Глава 1

Затяжное сумасшествие, в большинстве своих проявлений неотличимое от того, что, должно быть, творится в некоторых уголках ада, и исключительно по привычке именуемое часом пик, мало-помалу шло на убыль. Вдоль скоростных магистралей, превратив прозрачные, ласковые осенние сумерки в пропахшую выхлопными газами глубокую ночь, вспыхнули яркие, оснащенные мощными лампами повышенной интенсивности фонари, на фасадах засверкали разноцветным неоном огни реклам и вывесок. Включились галогенные прожекторы подсветки, выхватив из разом сгустившейся темноты тяжеловесные красоты имперской архитектуры, собственным мягким светом засияли рекламные тумбы на тротуарах и газонах, и полуобнаженные красотки в кружевном белье соблазнительно заулыбались с их выпуклых стеклянных поверхностей.

Над Москвой догорал закат, в ясном небе, окрашенном в нежные вечерние цвета, зажигались первые звезды, но обитатели гигантского людского муравейника могли бы насладиться созерцанием этой нерукотворной красоты лишь в случае масштабной аварии электросетей. Такое уже случалось; мутный купол электрического света, ежевечерне отгораживающий суетный город от вечного сияния звезд, исчезал, но вряд ли хоть кто-то из сидящих перед погасшим экраном телевизора обывателей удосужился подойти к окну и поднять взгляд к небу. Подумав об этом, расположившийся на заднем сиденье стремительно разрезающего море электрических огней представительского «мерседеса» немолодой человек в строгом деловом костюме немедленно припомнил старую восточную поговорку, гласящую, что свинья может увидеть звезды, только если ее хорошенько пнуть в рыло.

Навстречу машине, стремительно сменяя друг друга, неслись ярко подсвеченные рекламные растяжки. «ПОКУПАЙ! ЗВОНИ! ЗАКАЗЫВАЙ! ВКЛАДЫВАЙ! СМОТРИ! СЛУШАЙ!» – взывали они, суля райское наслаждение, фантастические проценты по вкладам, несокрушимое здоровье, идеальную фигуру, ослепительную улыбку и яркую индивидуальность по умеренной цене.
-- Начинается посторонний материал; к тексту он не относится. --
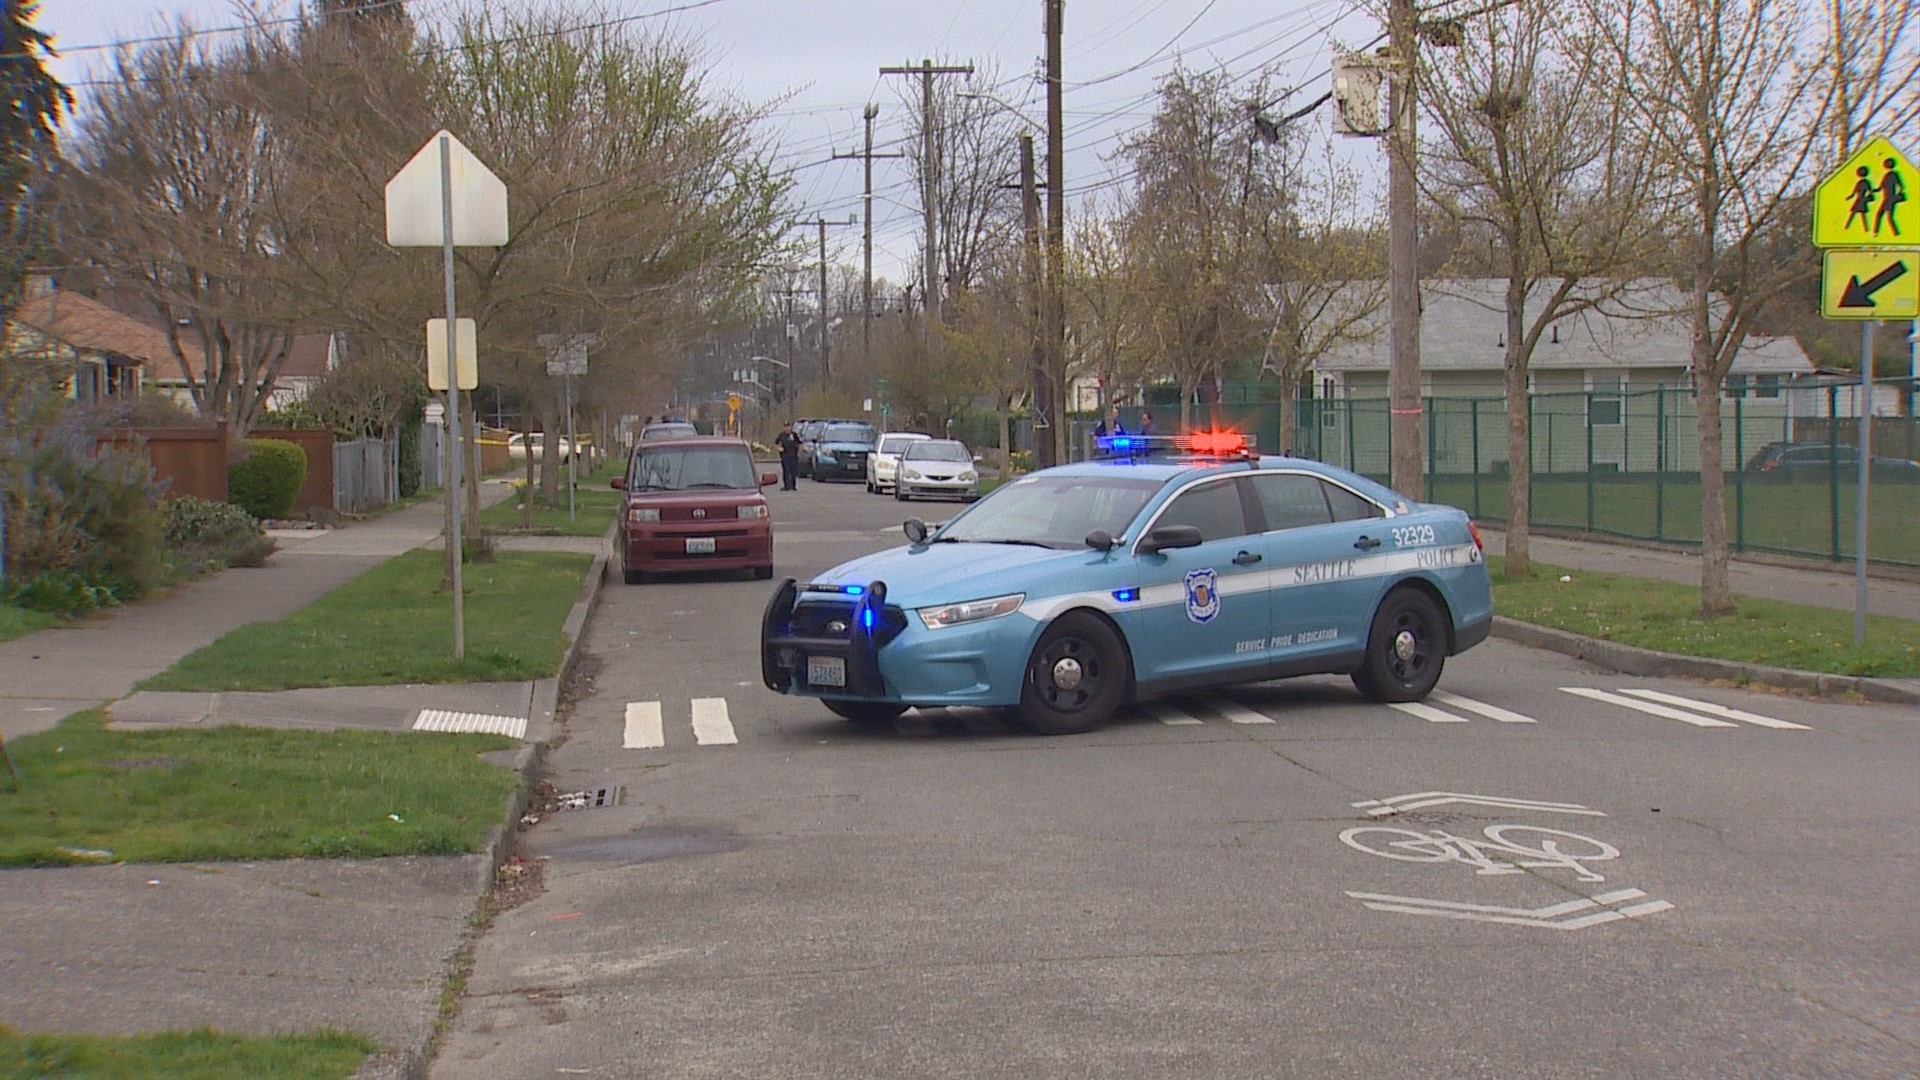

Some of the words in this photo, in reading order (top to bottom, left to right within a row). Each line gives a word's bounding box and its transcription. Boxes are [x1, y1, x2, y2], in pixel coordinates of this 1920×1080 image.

[1391, 524, 1436, 546] 32329
[1294, 560, 1356, 583] SEATTLE
[1417, 548, 1457, 567] POLICE
[1235, 639, 1266, 653] SERVICE
[1270, 634, 1292, 647] PRIDE
[1297, 628, 1338, 644] DEDICATION
Они беззастенчиво лгали, но пассажир черного «мерседеса» не испытывал по этому поводу никаких эмоций – привык, да и сам был не из тех, кто может позволить себе часто говорить правду. Ненормированный рабочий день закончился, впереди ждал тихий вечер, низкокалорийный ужин, любимая книга и навеянный дорогими, не вызывающими привыкания (если верить рекламе) таблетками сон. Так, по крайней мере, думали расположившиеся спереди водитель и охранник – крепкие, спортивные, находящиеся в расцвете сил, прошедшие специальную подготовку профессионалы, с одинаковой легкостью способные решить сложную логическую задачу, снять засевшего на крыше снайпера и в одиночку раскидать десяток морских пехотинцев. Они глубоко заблуждались, но тот, кого они охраняли, не собирался просвещать их по поводу своего дальнейшего времяпрепровождения: несмотря на свои многочисленные достоинства, к информации такого уровня секретности эти ребята просто не имели допуска.
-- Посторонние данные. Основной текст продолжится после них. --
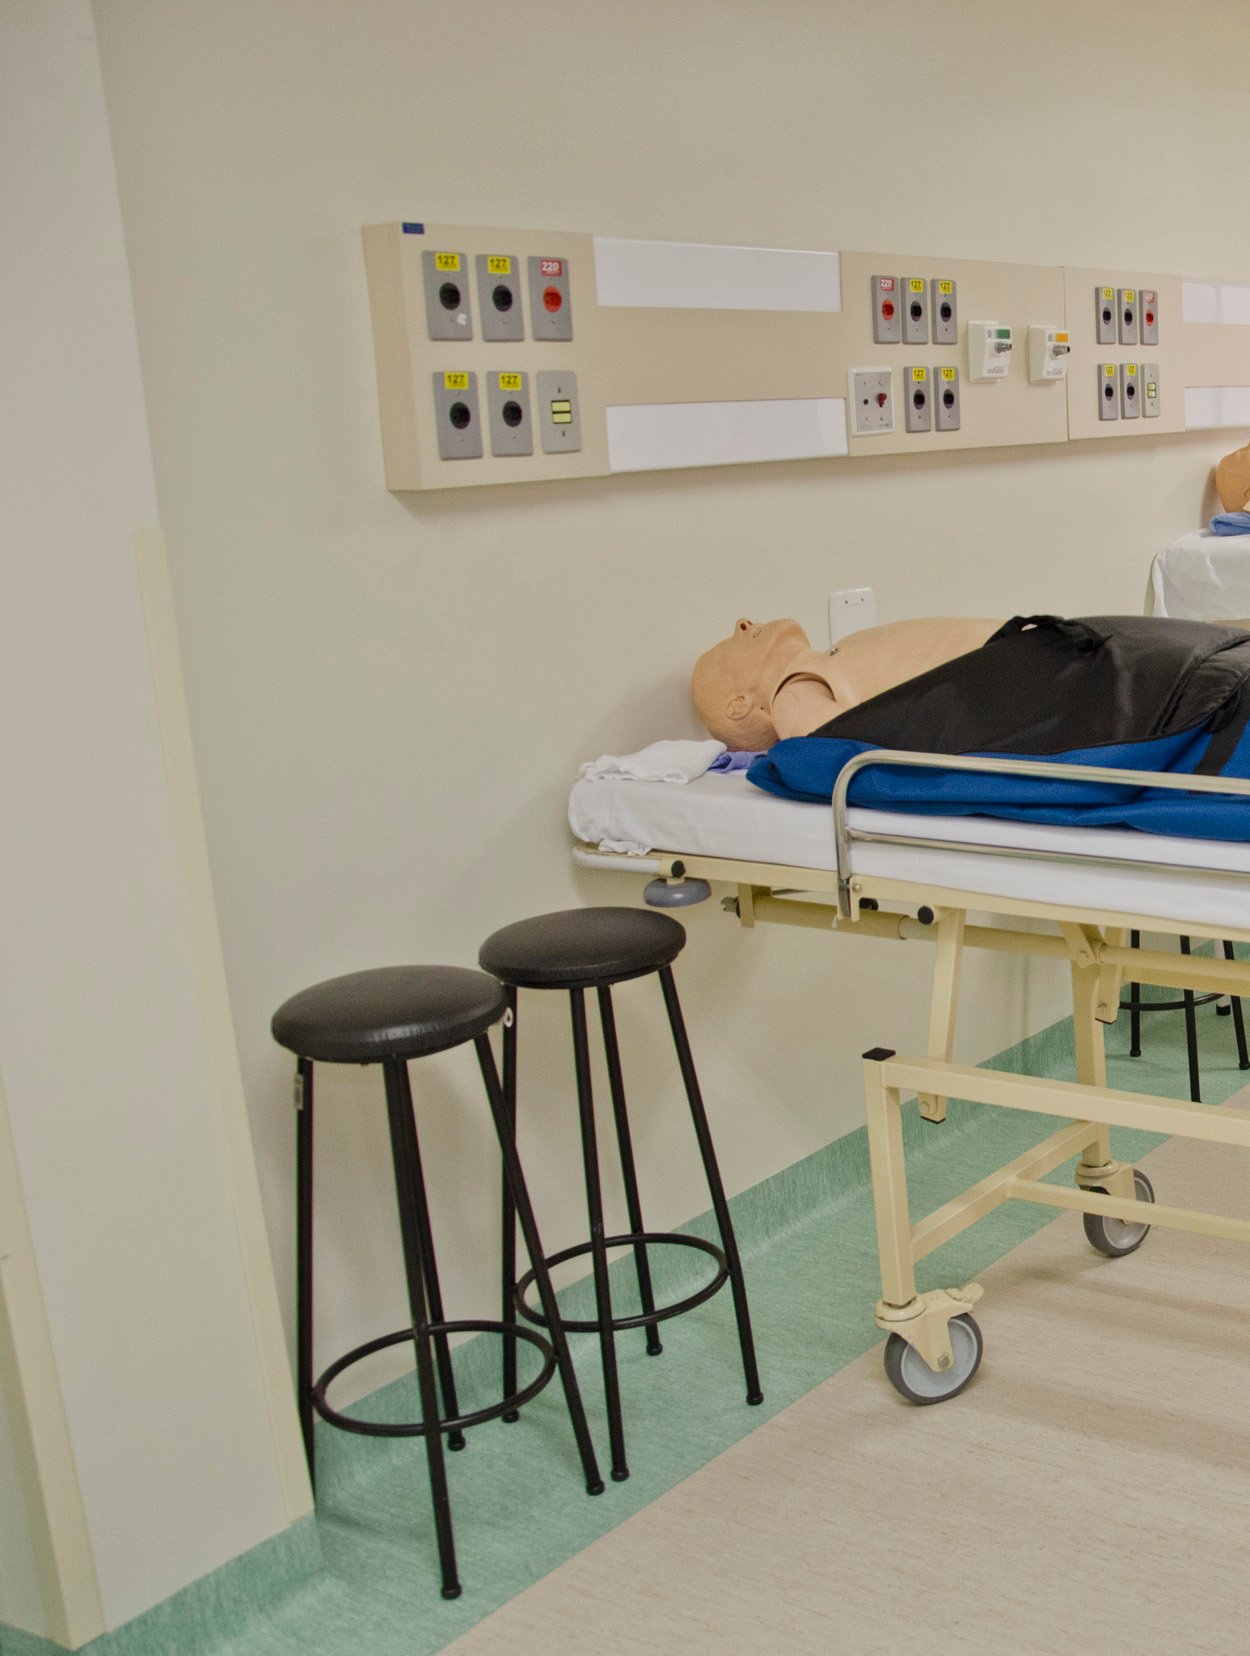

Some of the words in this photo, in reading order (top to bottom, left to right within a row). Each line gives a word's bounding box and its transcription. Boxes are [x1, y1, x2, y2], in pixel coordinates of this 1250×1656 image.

[437, 255, 456, 265] 127
[489, 258, 507, 268] 127
[541, 261, 559, 271] 220
[880, 278, 892, 287] 220
[911, 280, 921, 288] 127
[913, 369, 924, 377] 127
[447, 374, 465, 384] 127
[500, 375, 518, 385] 127
Знакомая дорога была недолгой. Вскоре, миновав путепровод, под которым в мертвенном зеленовато-голубом свете неоновых фонарей поблескивала отполированной сталью рельсов путаница железнодорожных веток, «мерседес» съехал со скоростной шестиполосной магистрали на боковую улицу и с солидной неторопливостью свернул во двор. Свет фар заскользил по выщербленному асфальту и лакированным бортам дремлющих под хозяйскими окнами автомобилей, превратил растущие вдоль дороги кусты в сказочных лохматых зверей, затаившихся перед прыжком. В темной глубине жиденьких дворовых насаждений, при таком освещении казавшихся густыми девственными зарослями, потусторонним фосфорическим огнем сверкнули глаза застигнутой врасплох кошки и сразу же погасли, когда напуганное животное стремглав метнулось прочь, в темноту.

Машина остановилась. Охранник первым выбрался в напоенное запахами увядающей листвы и разогретого за день асфальта тепло сентябрьских сумерек. За ним, не выключая двигателя, вышел водитель и первым делом запустил правую руку за лацкан пиджака, где, прильнув к ребрам, уютно устроилась увесистая наплечная кобура. Оглядевшись по сторонам, охранник пересек подъездную дорожку, набрал, попискивая кнопками, код на цифровой панели домофона и под электронное пение сигнала скрылся в парадном. Притянутая доводчиком железная дверь деликатно лязгнула, сигнал умолк, и в стеклянном окошечке домофона замигала хорошо различимая в темноте красная горизонтальная черта.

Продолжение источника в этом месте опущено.